PMS: Season and Reasons for Change
Just like an organization wallpaper, conventional performance management systems and traditional talent practices (talent reviews to 360-degree feedback) have subsisted in the background with minimal or zero expectations for any lasting impact. The latest outlook from the stables of Bersin by Deloitte hits the nail on the head, when it notes, “The performance management software market all but disappeared and, after the acquisition of Success Factors by SAP and Taleo by Oracle, is now a “features set” in nearly every offering of HR software.

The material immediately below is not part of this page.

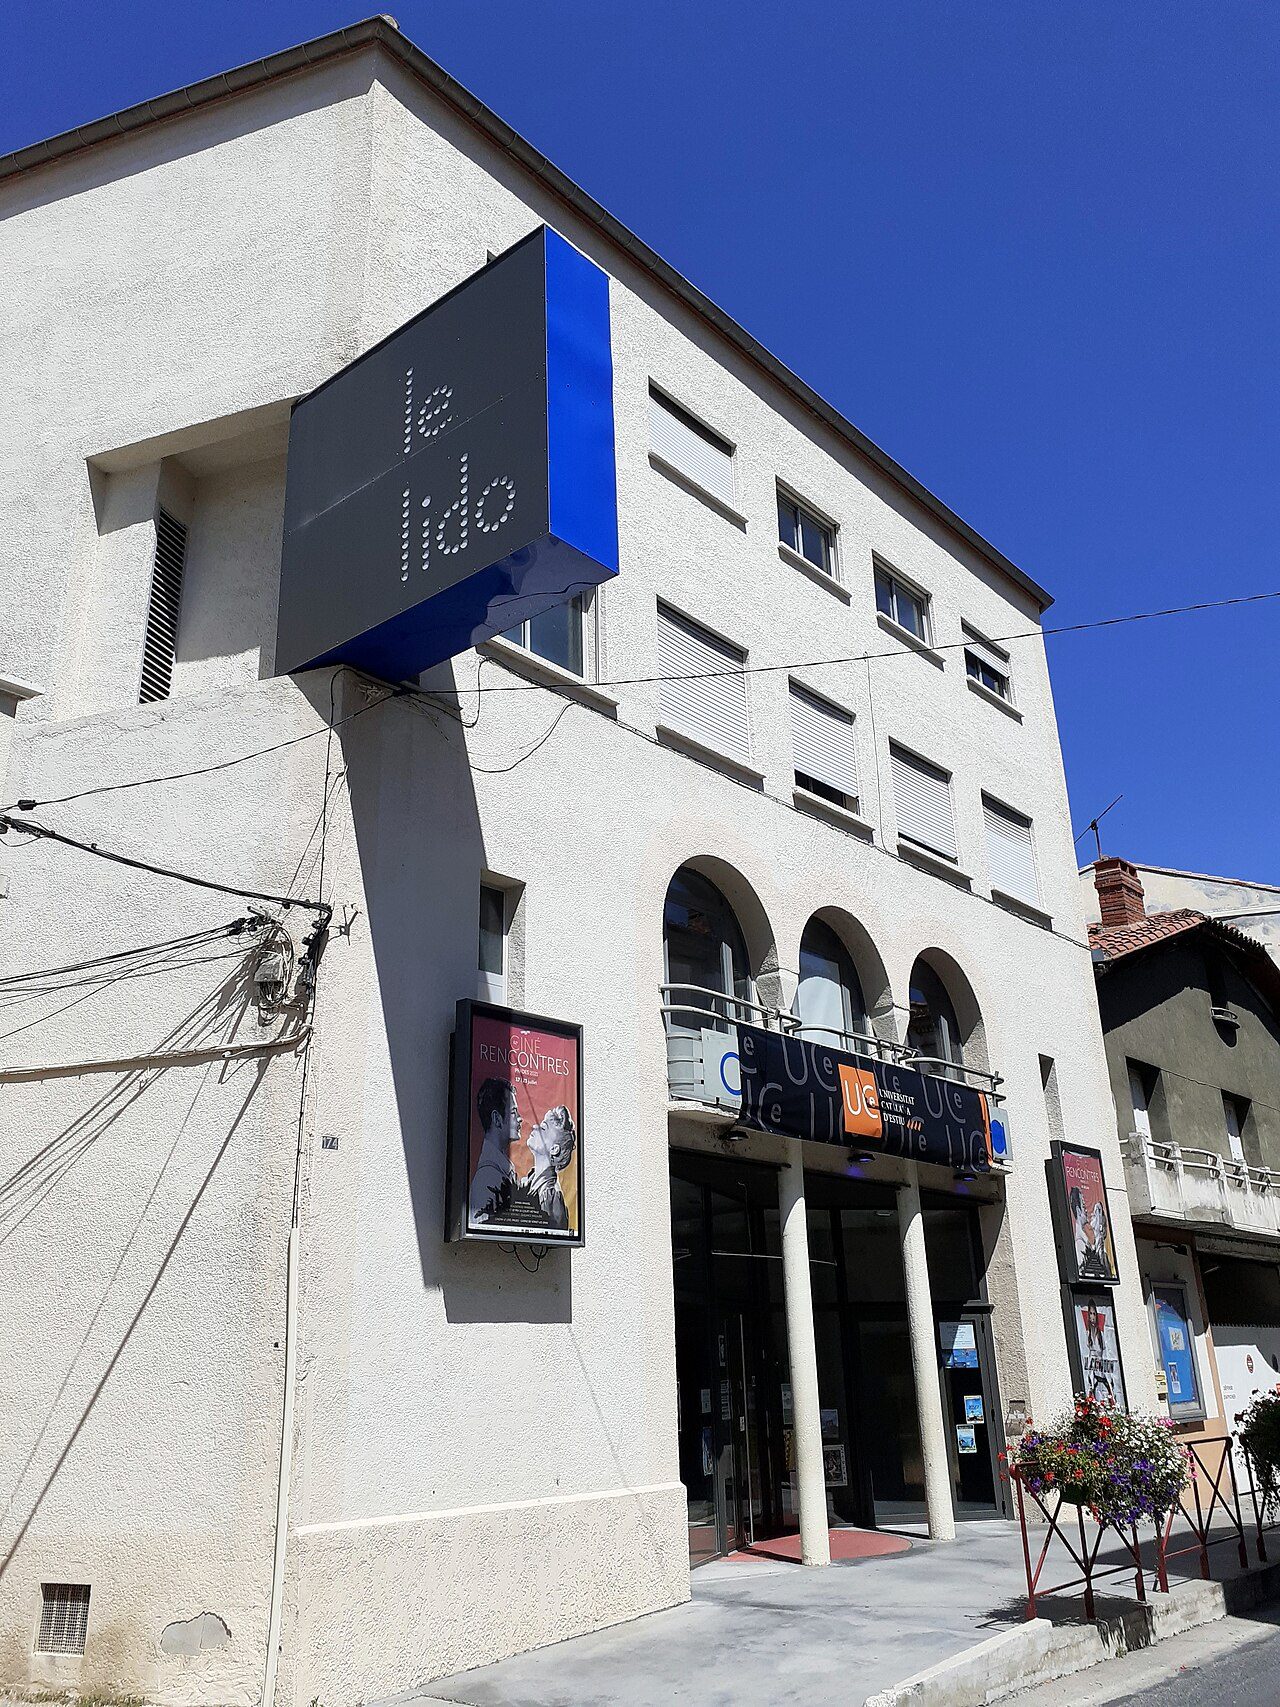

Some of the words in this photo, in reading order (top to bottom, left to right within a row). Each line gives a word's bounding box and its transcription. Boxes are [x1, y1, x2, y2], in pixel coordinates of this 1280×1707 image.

Despite this change, there is major innovation brewing here.
HR experts Marc Effron and Miriam Ort in their famous book One Page Talent Management have asserted at one place that, “perhaps no talent management process is more important or more reviled than performance management.” They went on to offer a simplified and better approach for performance assessment and succession planning, which is grounded in transparency, simplification and behavioral science.
According to a major study conducted by Sibson Consulting and World at Work on the state of performance management outcomes and effectiveness, as high as 58 percent respondents rated the PMS of their organizations as “C Grade or below.” It seems that the changed expectations of the workforce, changes in technology and relationship of employees with technology have been among the prime reasons behind the disjoined state of most PMS today.
The employee expectations in case of performance management have changed not only for the Gen Y segment but also for all constituents of the workforce. Today, every employee looks forward to being an active agent instead of being a passive recipient link. Beyond the usual unilinear download of performance-related feedback, workers wish to be a part of the overall process of performance-relevant data collection. The whole concept of year-end calibration of performance is viewed with suspicion and disapprobation.
Not untinged by winds of change, managers have also understood the futility of command and control tactics for performance and are coping with demands of offering constructive feedback that is balanced and inspires higher performance. Managers need to get out of the way by empowering team members with accountability and trusting them to deliver results.
The talent management technology seems to have hit its tipping point journeying from simple automation to very complex proprietary solutions that leave the managers to grapple with data overload. The deficiency of meaningful information in the face of performance data overload has shifted the focus recently on simplification of process and attention to relevant detail and user-friendliness. Simple performance heat maps are getting popular over wordy and exhaustive reports for immediate insights. The thrust on technology solutions delivering readily digestible insights has rescued the managers from cumbersome processes to concentrate more on driving outcomes.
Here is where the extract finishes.